▸ DIRECTIONS FOR THIS TASK
Word for word, restate all of the records.

= Beginning of Section =

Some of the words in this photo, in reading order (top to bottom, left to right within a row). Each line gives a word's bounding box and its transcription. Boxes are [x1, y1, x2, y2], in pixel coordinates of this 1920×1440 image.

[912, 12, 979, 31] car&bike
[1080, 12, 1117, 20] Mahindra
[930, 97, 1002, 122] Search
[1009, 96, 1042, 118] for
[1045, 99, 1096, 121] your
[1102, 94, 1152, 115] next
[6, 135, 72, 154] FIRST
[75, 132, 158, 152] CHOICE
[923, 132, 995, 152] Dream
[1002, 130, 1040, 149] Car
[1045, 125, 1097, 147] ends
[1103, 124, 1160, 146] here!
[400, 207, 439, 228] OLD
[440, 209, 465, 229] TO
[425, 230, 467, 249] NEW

= End of Section =

▸ RESULT
Some of the words in this photo, in reading order (top to bottom, left to right within a row). Each line gives a word's bounding box and its transcription. Boxes are [x1, y1, x2, y2], in pixel coordinates of this 1920×1440 image.

[912, 12, 979, 31] car&bike
[1080, 12, 1117, 20] Mahindra
[930, 97, 1002, 122] Search
[1009, 96, 1042, 118] for
[1045, 99, 1096, 121] your
[1102, 94, 1152, 115] next
[6, 135, 72, 154] FIRST
[75, 132, 158, 152] CHOICE
[923, 132, 995, 152] Dream
[1002, 130, 1040, 149] Car
[1045, 125, 1097, 147] ends
[1103, 124, 1160, 146] here!
[400, 207, 439, 228] OLD
[440, 209, 465, 229] TO
[425, 230, 467, 249] NEW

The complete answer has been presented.